* What you need to do:
Beginning at the line containing "this 1080×1280 image.", print every line until the records end, keeping each exactly as it is.
[[ Dataset extract open ]]
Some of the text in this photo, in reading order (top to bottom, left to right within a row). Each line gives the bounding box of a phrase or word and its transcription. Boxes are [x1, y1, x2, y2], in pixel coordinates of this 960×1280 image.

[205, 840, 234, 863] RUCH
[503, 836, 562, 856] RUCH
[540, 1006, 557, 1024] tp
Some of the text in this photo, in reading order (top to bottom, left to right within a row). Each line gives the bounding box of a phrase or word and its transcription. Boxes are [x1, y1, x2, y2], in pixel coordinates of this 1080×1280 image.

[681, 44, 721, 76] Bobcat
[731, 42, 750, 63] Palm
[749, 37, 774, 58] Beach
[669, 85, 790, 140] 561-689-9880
[[ Dataset extract closed ]]
* Solution:
Some of the text in this photo, in reading order (top to bottom, left to right within a row). Each line gives the bounding box of a phrase or word and its transcription. Boxes are [x1, y1, x2, y2], in pixel coordinates of this 1080×1280 image.

[681, 44, 721, 76] Bobcat
[731, 42, 750, 63] Palm
[749, 37, 774, 58] Beach
[669, 85, 790, 140] 561-689-9880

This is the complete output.